Losing your husband may be heartbreaking, and losing the income from his pension may add stress to the situation if you depend on that money. Pensions normally provide for spousal beneficiary payments, but you should determine in advance whether you qualify for this benefit, because, in some instances, you may not.
A pension plan normally offers several options for a beneficiary payment. You typically will receive 50, 75 or 100 percent of your husband's pension payment after he dies. This benefit payment depends on what option he selected when he started receiving his pension payments.
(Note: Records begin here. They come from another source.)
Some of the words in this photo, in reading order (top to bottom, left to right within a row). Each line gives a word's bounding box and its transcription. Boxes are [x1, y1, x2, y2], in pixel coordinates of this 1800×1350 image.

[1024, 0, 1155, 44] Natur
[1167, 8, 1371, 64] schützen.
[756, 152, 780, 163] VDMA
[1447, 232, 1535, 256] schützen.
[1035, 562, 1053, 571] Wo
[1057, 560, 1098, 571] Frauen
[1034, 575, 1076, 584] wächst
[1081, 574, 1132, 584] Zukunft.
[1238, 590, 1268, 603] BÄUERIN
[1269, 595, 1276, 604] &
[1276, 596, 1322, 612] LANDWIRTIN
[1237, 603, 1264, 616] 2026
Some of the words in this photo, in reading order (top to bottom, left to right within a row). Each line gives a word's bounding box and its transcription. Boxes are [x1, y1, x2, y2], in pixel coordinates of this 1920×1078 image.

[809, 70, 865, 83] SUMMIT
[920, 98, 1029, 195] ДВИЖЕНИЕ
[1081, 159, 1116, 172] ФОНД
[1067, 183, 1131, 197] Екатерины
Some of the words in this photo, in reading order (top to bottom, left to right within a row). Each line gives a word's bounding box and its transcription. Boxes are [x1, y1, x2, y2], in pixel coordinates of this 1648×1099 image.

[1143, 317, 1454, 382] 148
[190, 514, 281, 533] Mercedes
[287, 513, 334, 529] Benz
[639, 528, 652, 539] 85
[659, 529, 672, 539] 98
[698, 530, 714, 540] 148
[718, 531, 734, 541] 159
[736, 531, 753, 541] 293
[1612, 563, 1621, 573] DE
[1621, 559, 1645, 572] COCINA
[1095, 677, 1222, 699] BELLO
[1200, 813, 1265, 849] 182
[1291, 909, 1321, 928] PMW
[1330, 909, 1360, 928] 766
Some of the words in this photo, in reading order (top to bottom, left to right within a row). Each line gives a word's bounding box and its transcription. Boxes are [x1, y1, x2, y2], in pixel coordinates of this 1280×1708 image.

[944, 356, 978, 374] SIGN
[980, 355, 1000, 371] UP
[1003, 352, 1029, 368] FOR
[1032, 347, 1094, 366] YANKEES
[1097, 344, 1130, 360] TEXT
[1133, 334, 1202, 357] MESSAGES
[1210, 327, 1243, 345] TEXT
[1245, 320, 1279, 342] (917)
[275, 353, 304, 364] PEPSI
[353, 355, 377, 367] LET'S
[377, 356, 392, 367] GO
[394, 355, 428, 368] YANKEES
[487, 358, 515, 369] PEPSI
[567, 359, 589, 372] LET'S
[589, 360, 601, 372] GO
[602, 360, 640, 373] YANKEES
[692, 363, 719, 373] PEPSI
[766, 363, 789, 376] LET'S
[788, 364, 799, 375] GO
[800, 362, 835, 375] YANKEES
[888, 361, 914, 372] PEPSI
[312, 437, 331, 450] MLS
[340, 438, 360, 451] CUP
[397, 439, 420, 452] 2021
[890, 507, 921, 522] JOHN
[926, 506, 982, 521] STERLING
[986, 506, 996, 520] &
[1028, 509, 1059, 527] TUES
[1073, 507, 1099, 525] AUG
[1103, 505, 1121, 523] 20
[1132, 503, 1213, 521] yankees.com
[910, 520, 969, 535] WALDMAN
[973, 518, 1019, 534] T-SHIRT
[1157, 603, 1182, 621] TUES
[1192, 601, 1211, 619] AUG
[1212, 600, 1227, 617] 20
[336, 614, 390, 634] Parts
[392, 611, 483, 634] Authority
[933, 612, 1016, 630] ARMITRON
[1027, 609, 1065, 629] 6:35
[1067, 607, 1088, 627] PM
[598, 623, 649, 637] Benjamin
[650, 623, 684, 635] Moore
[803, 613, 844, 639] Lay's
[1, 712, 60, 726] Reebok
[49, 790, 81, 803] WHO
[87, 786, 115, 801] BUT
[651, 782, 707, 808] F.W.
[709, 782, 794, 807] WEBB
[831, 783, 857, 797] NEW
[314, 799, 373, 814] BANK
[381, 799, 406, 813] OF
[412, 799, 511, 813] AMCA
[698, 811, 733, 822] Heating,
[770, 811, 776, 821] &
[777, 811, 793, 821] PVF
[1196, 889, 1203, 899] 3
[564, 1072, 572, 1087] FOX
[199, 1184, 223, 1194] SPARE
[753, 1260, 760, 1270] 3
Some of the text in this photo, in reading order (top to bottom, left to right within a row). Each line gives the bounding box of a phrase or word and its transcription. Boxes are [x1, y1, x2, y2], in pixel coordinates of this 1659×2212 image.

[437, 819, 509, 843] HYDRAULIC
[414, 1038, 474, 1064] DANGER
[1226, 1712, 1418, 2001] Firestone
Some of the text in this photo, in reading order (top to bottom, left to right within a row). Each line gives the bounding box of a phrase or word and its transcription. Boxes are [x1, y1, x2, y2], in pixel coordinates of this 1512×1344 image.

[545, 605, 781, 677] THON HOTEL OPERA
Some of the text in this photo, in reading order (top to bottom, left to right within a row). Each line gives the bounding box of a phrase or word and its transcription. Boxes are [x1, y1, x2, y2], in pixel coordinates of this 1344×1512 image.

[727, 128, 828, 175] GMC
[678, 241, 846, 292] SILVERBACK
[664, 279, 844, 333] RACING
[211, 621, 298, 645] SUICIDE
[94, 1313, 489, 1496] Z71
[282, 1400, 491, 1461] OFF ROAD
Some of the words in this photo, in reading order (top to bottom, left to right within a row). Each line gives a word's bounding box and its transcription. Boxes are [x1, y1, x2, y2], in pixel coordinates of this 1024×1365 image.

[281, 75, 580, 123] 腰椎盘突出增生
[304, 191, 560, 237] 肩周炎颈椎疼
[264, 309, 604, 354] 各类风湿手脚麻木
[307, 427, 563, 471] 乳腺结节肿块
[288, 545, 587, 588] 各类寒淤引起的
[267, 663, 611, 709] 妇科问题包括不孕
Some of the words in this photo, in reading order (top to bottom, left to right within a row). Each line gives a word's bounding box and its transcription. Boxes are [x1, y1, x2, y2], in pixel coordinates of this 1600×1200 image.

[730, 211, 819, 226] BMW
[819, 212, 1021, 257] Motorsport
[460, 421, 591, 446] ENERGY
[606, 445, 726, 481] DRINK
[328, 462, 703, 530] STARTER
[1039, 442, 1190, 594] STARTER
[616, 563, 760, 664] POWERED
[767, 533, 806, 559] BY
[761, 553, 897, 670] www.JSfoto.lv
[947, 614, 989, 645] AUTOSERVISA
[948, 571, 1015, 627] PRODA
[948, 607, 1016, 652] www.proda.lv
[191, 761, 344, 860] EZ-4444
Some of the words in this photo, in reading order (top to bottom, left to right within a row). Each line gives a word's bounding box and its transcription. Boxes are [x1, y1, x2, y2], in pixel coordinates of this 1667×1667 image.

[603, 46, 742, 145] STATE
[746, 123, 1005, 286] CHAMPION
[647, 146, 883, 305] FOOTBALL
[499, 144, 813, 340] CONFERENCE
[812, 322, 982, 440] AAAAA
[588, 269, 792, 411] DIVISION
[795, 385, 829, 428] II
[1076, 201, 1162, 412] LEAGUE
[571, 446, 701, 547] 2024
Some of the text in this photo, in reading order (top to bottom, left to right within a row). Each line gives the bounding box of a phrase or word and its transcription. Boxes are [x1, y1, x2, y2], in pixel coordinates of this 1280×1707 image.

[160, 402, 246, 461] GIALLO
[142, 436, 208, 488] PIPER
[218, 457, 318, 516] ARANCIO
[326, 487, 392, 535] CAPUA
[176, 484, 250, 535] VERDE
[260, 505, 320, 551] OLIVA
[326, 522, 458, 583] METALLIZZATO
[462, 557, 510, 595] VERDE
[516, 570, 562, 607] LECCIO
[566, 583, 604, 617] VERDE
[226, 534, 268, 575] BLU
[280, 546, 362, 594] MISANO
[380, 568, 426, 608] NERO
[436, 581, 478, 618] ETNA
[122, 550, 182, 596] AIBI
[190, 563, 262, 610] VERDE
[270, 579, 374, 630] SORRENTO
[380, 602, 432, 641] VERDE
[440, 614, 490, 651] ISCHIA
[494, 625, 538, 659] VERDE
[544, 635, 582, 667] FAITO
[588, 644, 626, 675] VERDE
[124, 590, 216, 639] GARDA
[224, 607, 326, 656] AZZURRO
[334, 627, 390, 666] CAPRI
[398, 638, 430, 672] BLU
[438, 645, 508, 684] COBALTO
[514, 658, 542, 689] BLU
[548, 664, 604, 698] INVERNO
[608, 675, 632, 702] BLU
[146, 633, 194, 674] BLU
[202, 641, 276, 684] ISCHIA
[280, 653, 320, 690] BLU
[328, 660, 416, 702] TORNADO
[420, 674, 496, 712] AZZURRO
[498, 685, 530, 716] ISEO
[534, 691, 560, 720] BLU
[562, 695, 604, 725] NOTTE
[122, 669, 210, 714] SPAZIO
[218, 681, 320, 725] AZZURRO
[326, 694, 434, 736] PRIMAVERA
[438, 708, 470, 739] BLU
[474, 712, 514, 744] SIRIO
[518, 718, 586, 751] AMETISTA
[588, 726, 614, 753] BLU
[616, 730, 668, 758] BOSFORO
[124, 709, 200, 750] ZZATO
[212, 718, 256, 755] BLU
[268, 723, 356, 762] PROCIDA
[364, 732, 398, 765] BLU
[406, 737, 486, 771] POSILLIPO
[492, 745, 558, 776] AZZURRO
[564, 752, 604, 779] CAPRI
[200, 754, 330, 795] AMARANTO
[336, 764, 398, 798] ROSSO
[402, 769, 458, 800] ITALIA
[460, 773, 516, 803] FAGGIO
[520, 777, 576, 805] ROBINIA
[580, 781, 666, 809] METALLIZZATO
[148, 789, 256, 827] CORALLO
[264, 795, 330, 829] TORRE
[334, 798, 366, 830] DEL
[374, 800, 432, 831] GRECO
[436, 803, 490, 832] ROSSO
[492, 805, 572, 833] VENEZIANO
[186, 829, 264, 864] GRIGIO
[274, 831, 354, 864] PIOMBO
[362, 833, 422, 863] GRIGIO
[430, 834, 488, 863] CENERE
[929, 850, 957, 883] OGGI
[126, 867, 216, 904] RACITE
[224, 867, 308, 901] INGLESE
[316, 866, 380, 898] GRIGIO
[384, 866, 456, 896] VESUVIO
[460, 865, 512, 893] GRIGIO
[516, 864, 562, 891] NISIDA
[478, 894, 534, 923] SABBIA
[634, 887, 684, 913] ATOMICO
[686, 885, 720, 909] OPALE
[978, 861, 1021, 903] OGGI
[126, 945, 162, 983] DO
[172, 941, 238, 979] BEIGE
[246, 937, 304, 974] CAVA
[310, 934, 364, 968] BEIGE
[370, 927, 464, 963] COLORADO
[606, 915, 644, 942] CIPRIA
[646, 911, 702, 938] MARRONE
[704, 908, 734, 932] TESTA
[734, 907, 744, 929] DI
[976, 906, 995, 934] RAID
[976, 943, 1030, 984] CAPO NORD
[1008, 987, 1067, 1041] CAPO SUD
You must submit the beneficiary claim form when your husband dies. This form indicates you want to receive your husband's pension benefit payment. The benefit payment should continue without any interruption in payment, provided that all paperwork is submitted and processed in a timely manner. You should contact the pension administrator soon after your husband's death, because you may need to receive your husband's pension payment the month following his death to continue paying ordinary expenses.
A beneficiary payment is common on pension plans, and it normally pays at least 50 percent of your husband's normal pension plan payment. These payments are made for the rest of your life, and the payment is guaranteed by the pension plan using an annuity contract. An annuity is an insurance policy designed specifically to guarantee payments to you for life.
If your husband did not elect a beneficiary payment when he started his pension plan payments, you won't be eligible for pension benefits from the plan. Nothing can be done after his death to modify the payment plan. When your husband initiated the payments, you would have signed a release form indicating you agreed to waive all future benefits from the pension plan. In this instance, you don't receive any benefits. However, your husband may have purchased a life insurance policy to provide you with some income after his death.
If you are not certain whether your husband carried life insurance, review your husband's finances, including his checking account, to determine whether any checks were written to life insurance companies. Any premium checks paid to a life insurance company indicate a life insurance policy was or is in force. This may provide needed income if you won't receive benefits from his pension plan.